[Start of Attachment]
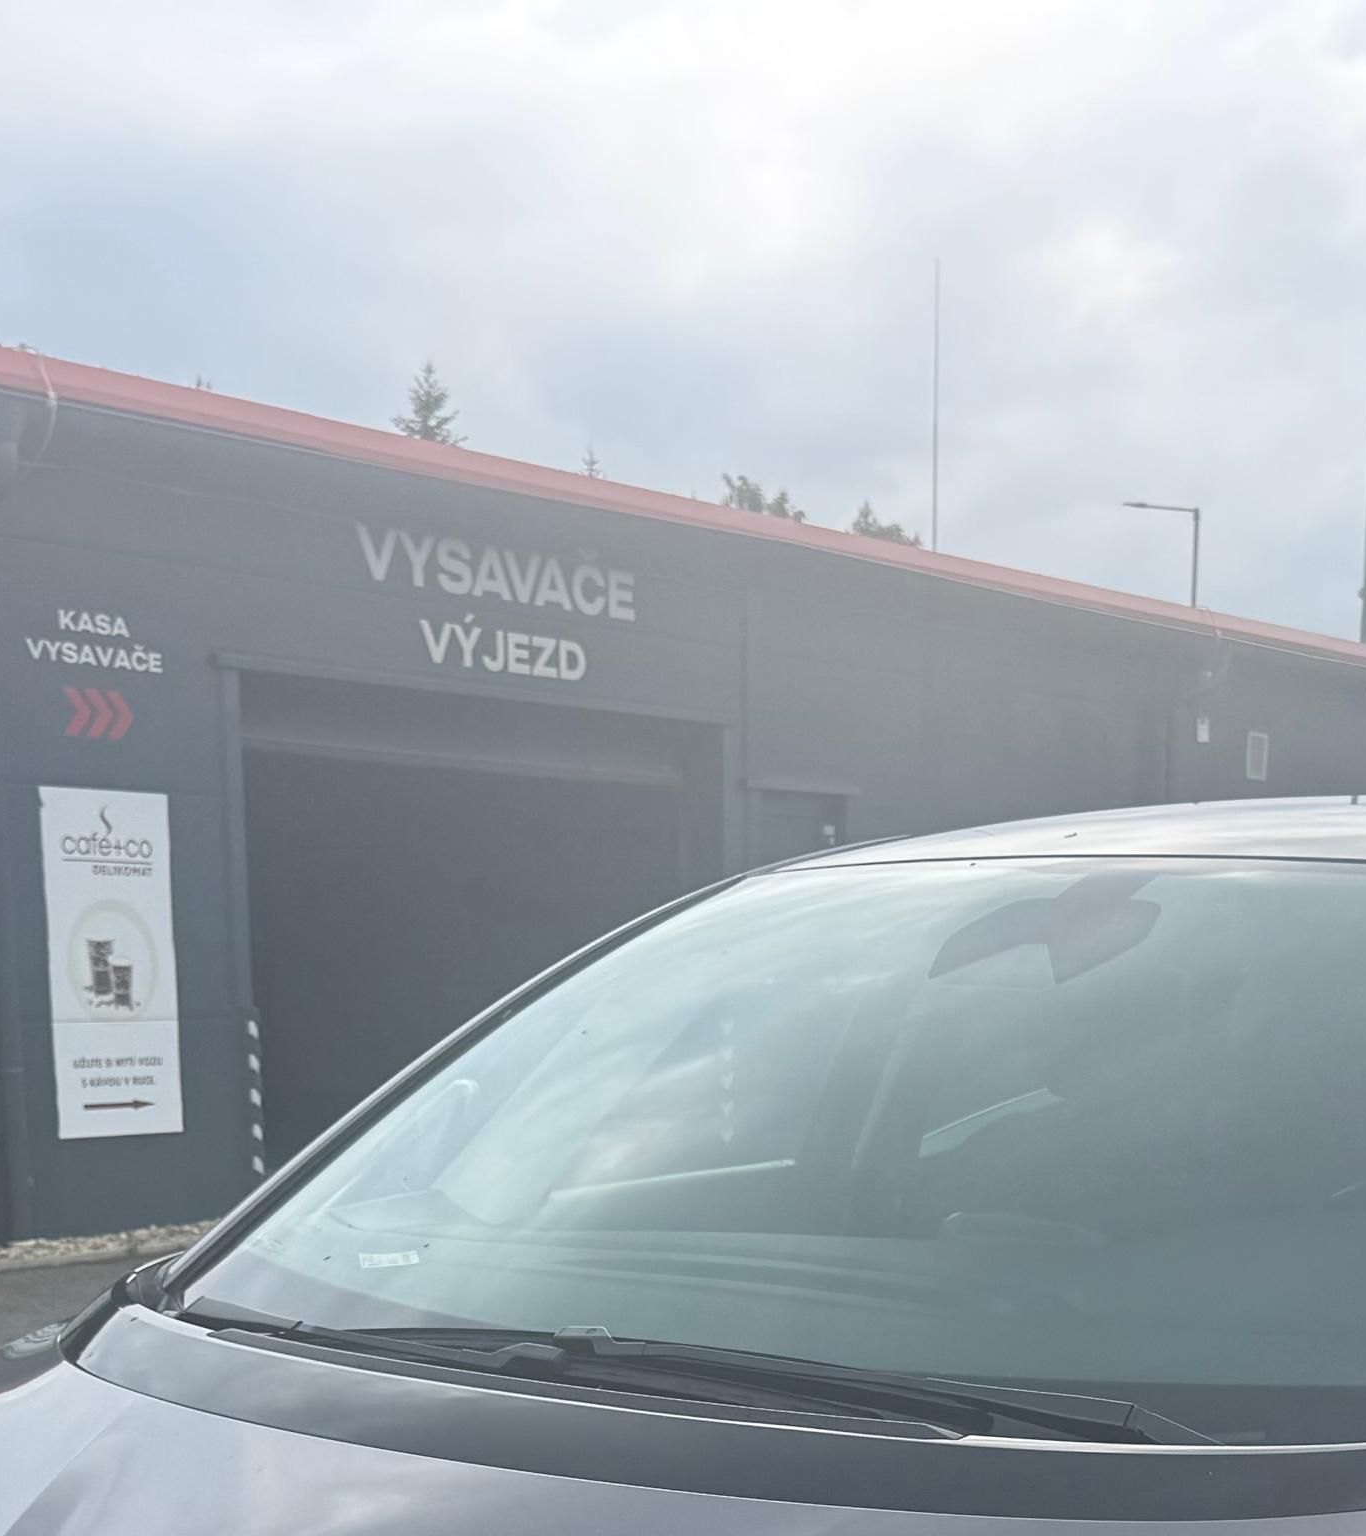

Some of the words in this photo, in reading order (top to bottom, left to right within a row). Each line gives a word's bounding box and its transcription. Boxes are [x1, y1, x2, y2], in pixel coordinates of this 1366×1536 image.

[356, 523, 636, 622] VYSAVAČE
[58, 609, 130, 638] KASA
[419, 613, 586, 681] VÝJEZD
[25, 637, 163, 673] VYSAVAČE
[End of Attachment]
**Instructions for the task**:
Repeat the material above word for word; no images go in the copy.

**Answer for this exercise**:
Some of the words in this photo, in reading order (top to bottom, left to right within a row). Each line gives a word's bounding box and its transcription. Boxes are [x1, y1, x2, y2], in pixel coordinates of this 1366×1536 image.

[356, 523, 636, 622] VYSAVAČE
[58, 609, 130, 638] KASA
[419, 613, 586, 681] VÝJEZD
[25, 637, 163, 673] VYSAVAČE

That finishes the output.